• [SOURCE DATA]
........
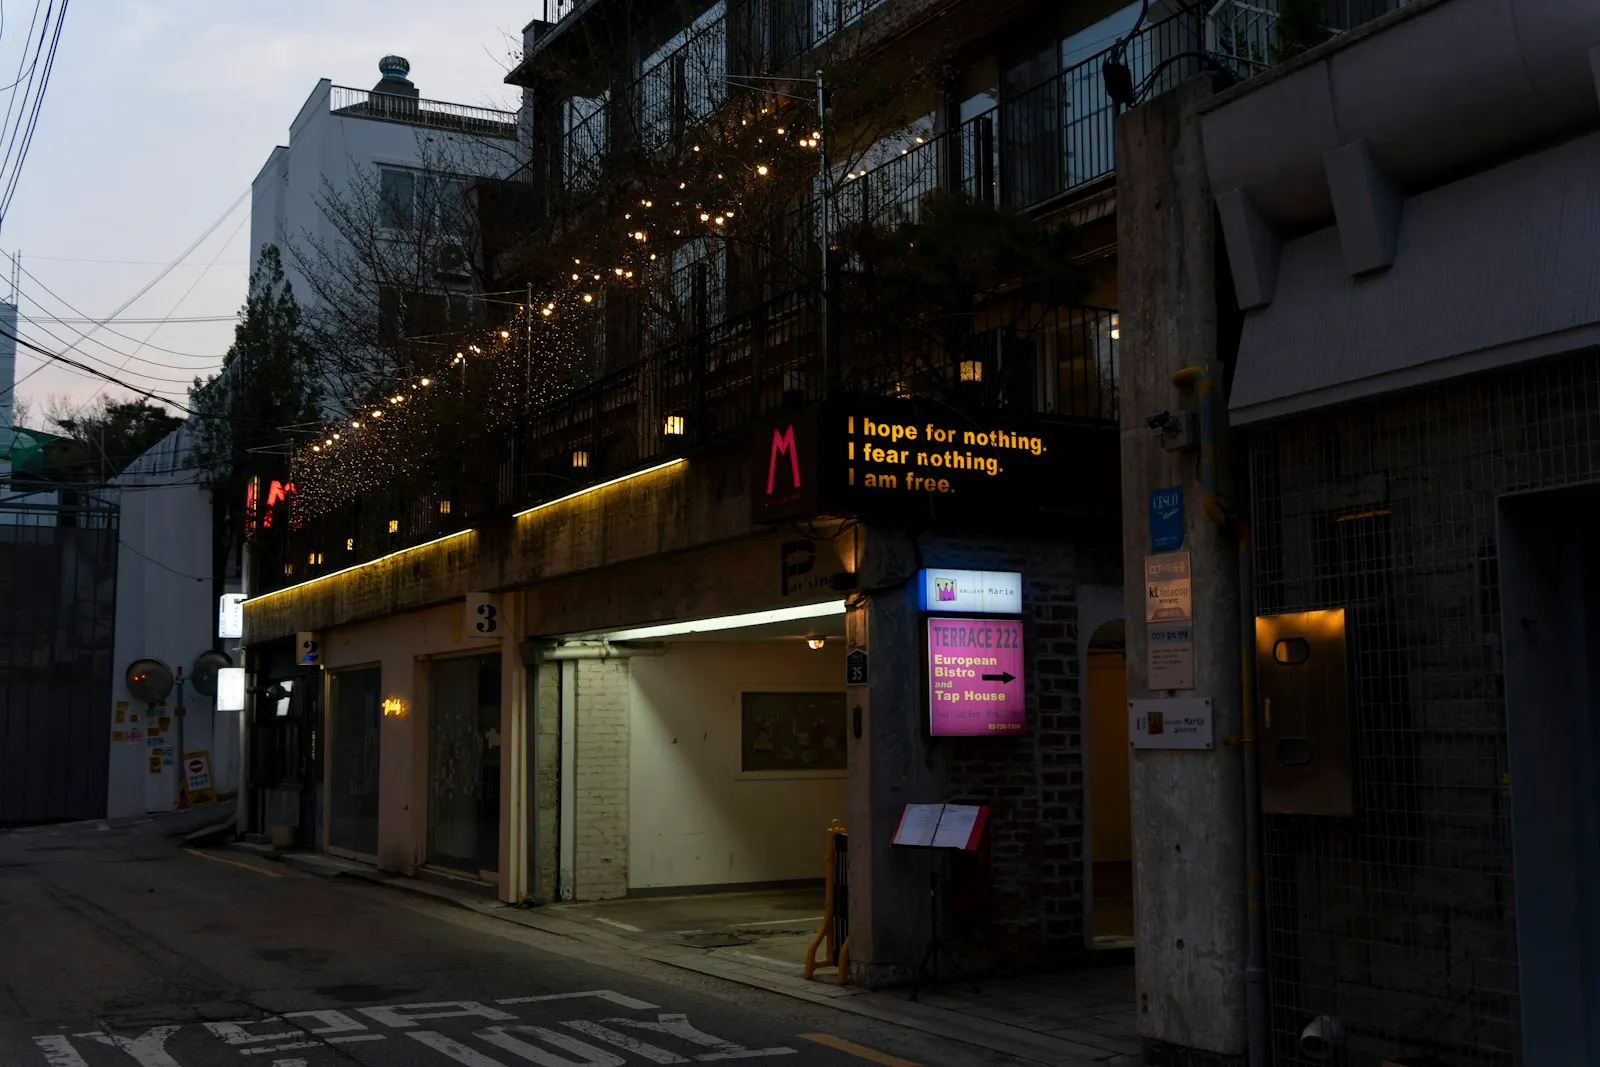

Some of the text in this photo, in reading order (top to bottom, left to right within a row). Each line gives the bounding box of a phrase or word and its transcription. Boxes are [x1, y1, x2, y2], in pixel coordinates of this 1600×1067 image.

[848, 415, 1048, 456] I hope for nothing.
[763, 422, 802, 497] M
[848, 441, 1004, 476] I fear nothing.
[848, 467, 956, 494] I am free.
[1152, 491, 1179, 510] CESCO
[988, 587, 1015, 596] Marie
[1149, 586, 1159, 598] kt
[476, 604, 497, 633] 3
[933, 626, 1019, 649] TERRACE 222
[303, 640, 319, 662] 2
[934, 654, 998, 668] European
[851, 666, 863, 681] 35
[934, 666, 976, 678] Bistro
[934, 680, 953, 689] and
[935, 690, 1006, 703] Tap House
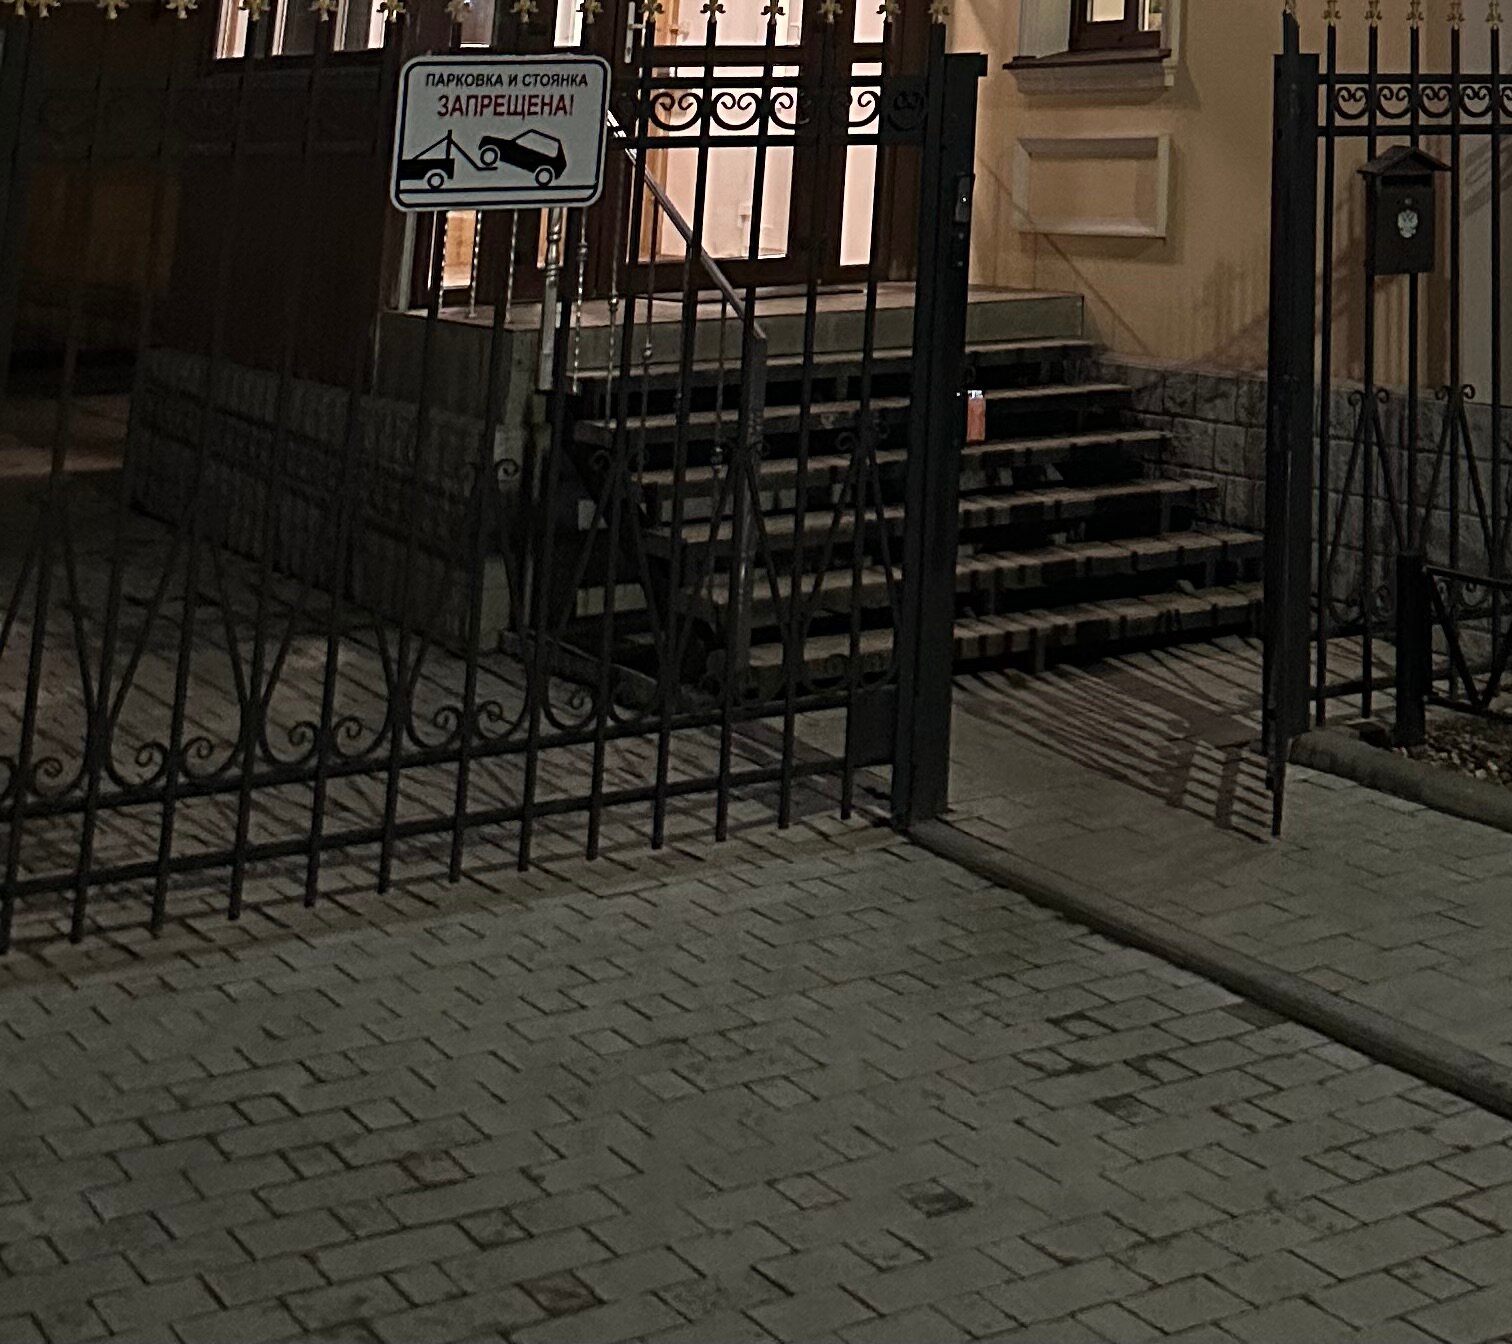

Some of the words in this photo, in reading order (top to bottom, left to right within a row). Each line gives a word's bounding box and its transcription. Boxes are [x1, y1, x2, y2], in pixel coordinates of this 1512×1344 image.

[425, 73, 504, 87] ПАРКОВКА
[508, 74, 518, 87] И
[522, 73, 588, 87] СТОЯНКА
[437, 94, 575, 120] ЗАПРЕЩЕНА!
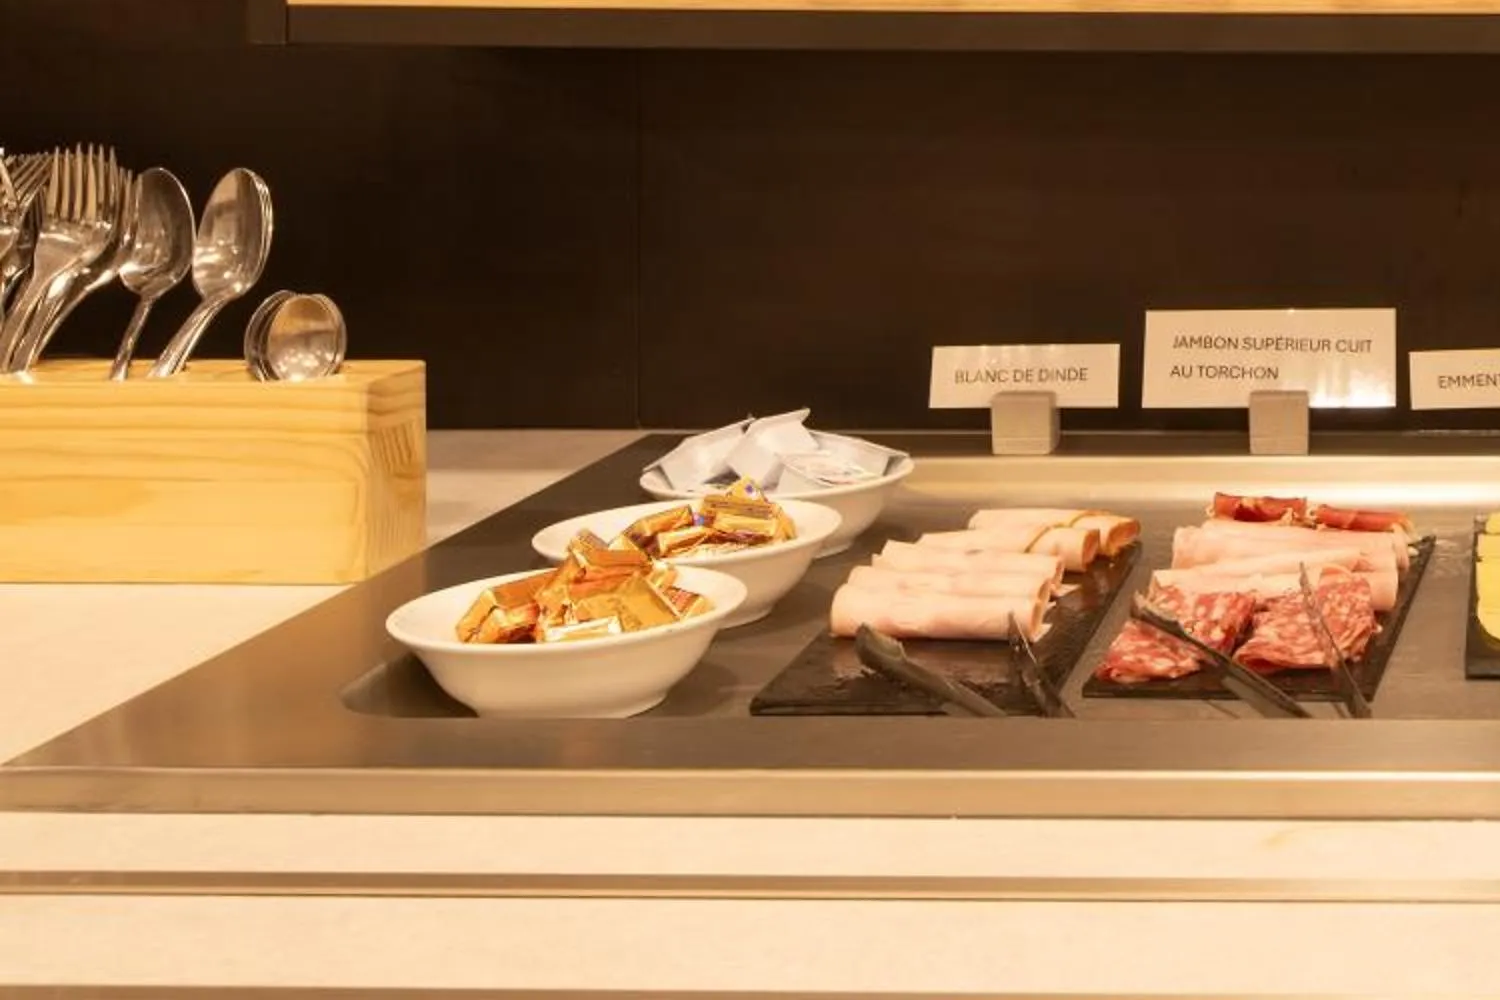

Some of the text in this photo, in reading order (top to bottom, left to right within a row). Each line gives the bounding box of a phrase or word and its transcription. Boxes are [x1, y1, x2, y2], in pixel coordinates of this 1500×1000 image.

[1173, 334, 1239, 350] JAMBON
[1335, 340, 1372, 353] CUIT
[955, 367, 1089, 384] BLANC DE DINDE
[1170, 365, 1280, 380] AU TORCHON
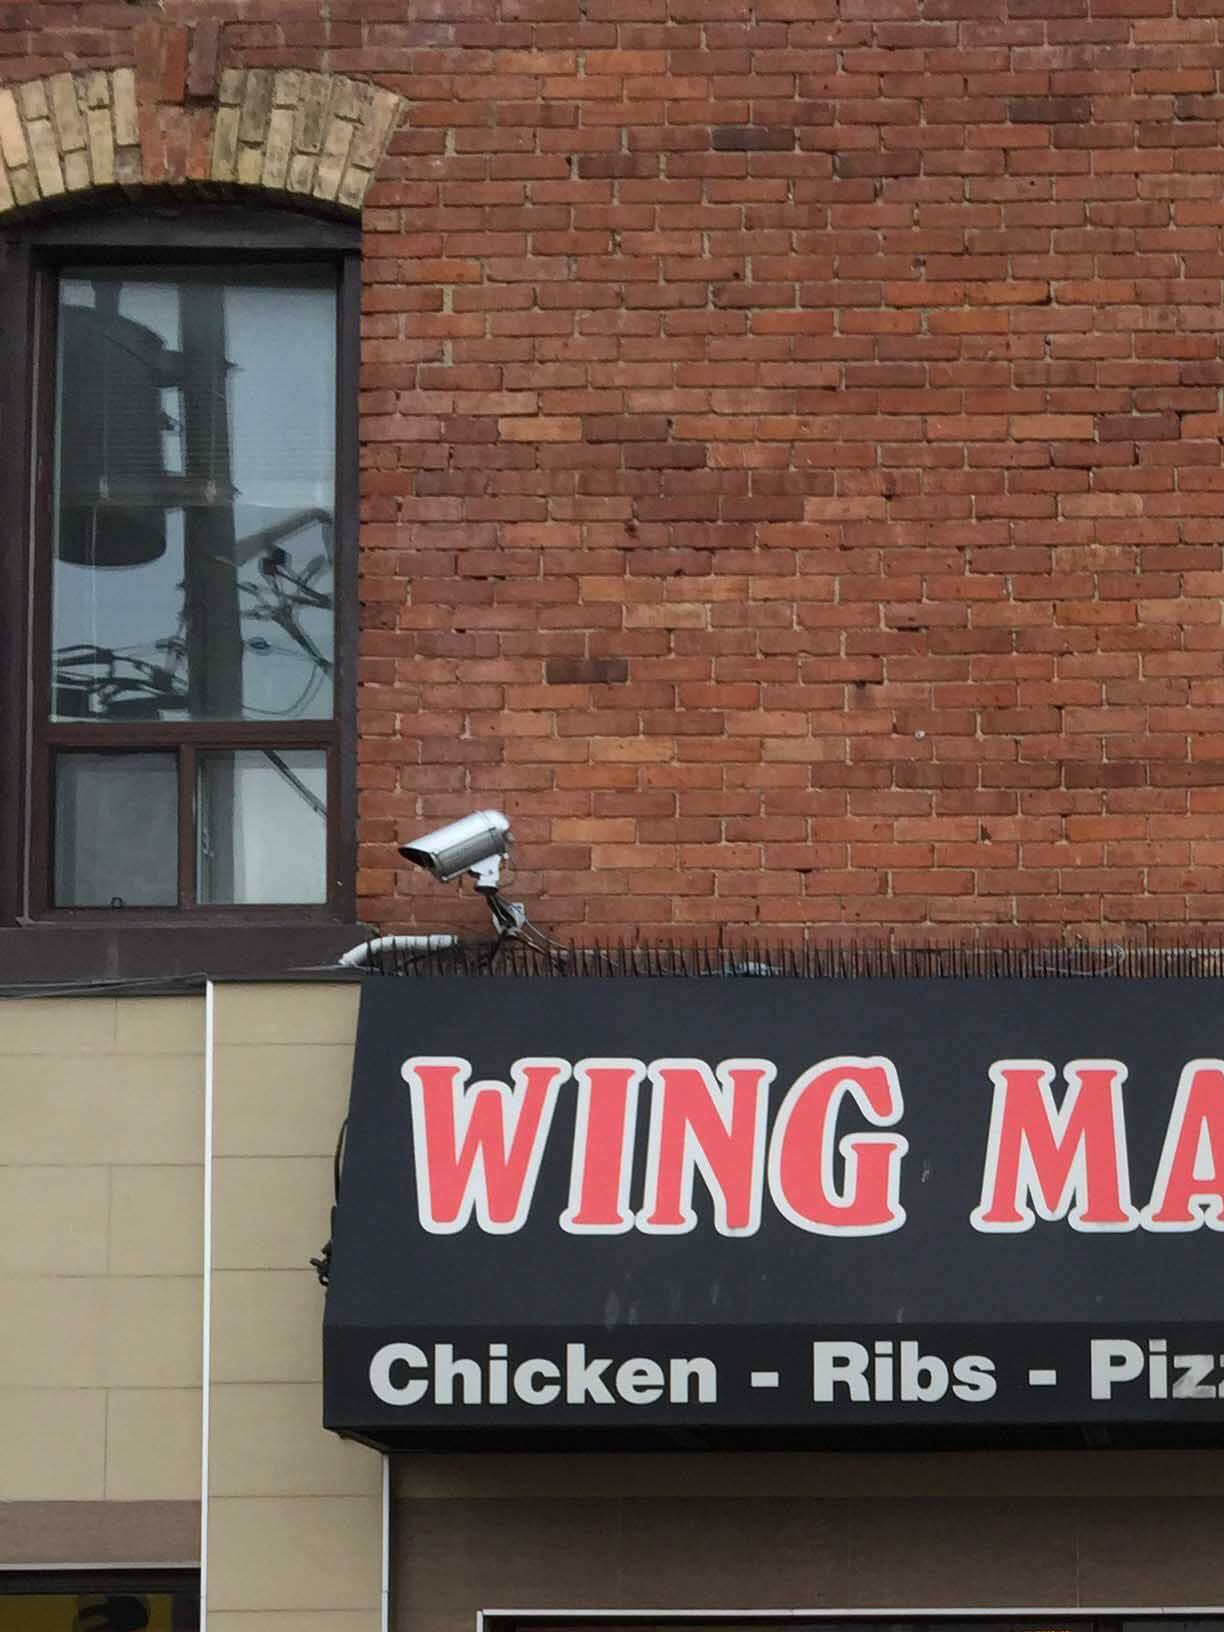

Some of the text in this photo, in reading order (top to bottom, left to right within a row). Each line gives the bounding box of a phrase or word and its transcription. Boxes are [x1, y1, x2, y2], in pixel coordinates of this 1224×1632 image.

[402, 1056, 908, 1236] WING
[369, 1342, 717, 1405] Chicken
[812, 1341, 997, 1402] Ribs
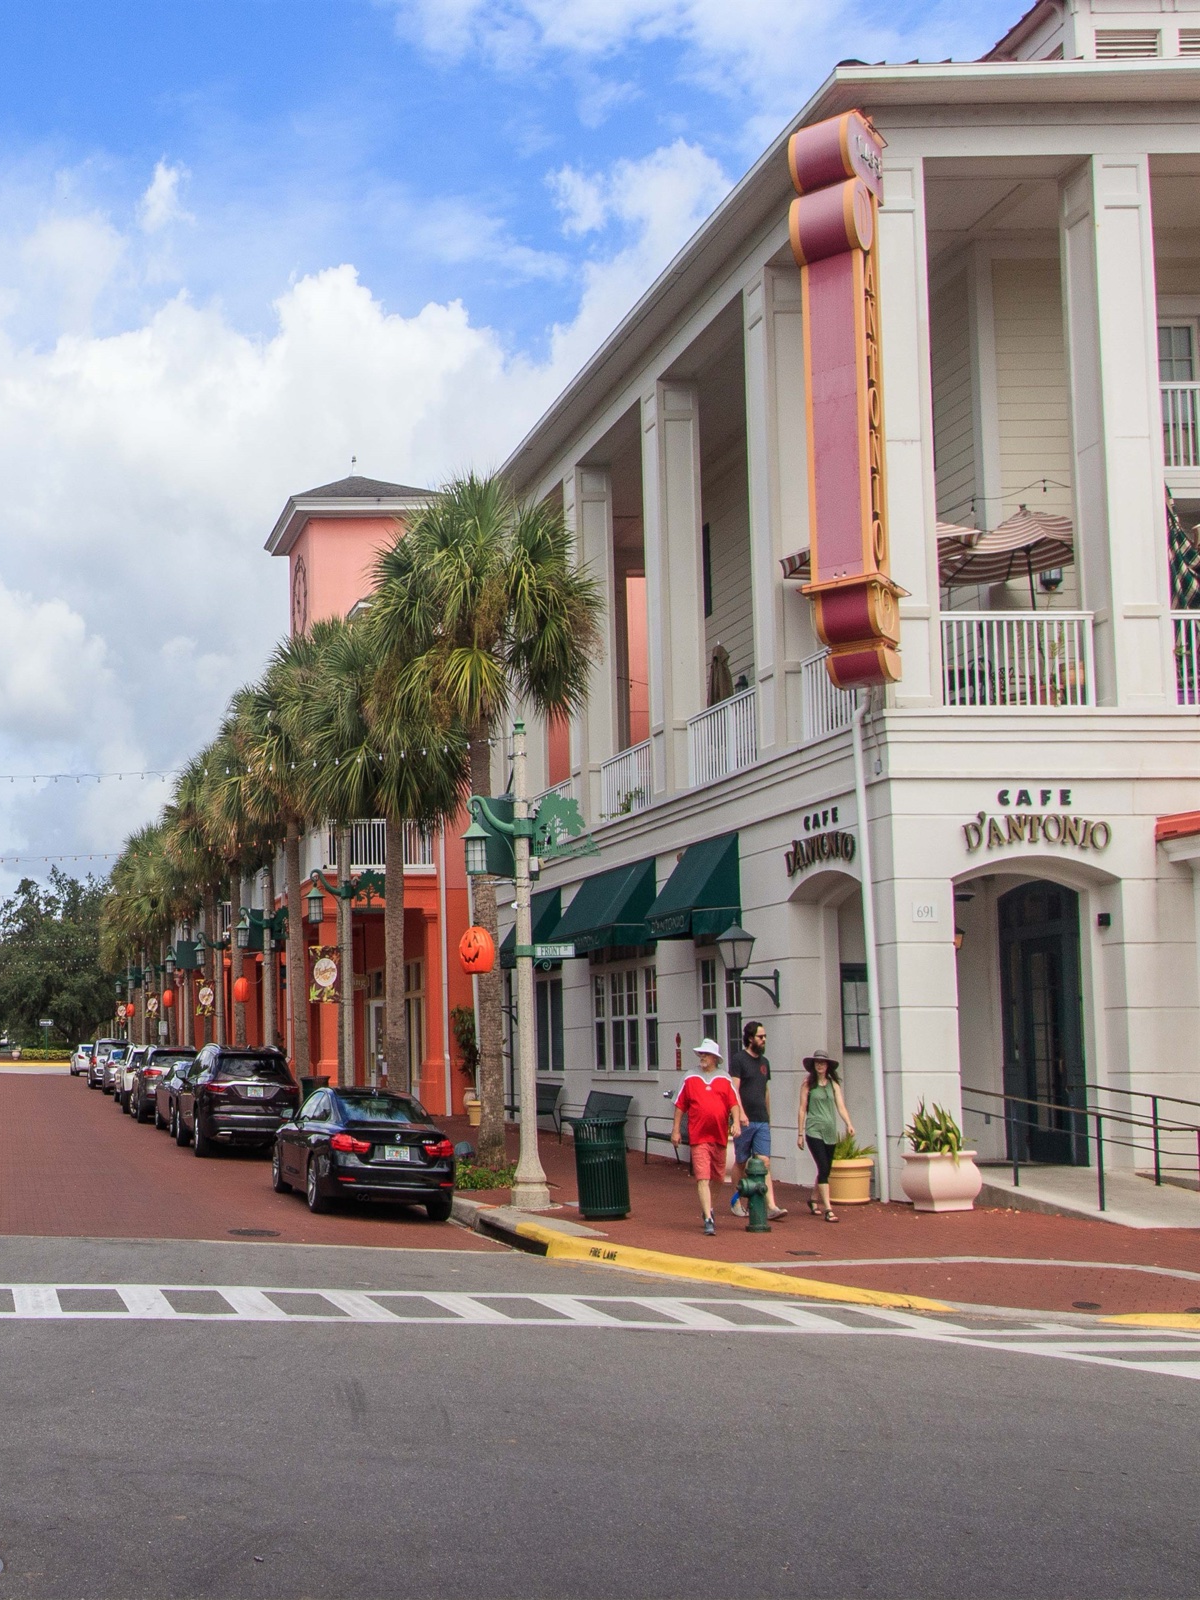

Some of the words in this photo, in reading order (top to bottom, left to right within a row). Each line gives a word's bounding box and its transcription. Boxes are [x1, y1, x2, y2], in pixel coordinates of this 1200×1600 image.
........
• [AIM OF THE TASK] Transcribe exactly the span of lines that opens with the line holding "this 1224×1632 image." and closes with the last line of the entries above. Omit pictures.

• [ANSWER FOR THIS EXERCISE]
Some of the text in this photo, in reading order (top to bottom, left to right within a row). Each line gives the bounding box of a phrase or word and its transcription. Boxes are [x1, y1, x2, y2], in pixel coordinates of this 1224×1632 image.

[402, 1056, 908, 1236] WING
[369, 1342, 717, 1405] Chicken
[812, 1341, 997, 1402] Ribs

Some of the words in this photo, in reading order (top to bottom, left to right within a row). Each line gives a word's bounding box and its transcription. Boxes are [x1, y1, x2, y2], in pixel coordinates of this 1200×1600 image.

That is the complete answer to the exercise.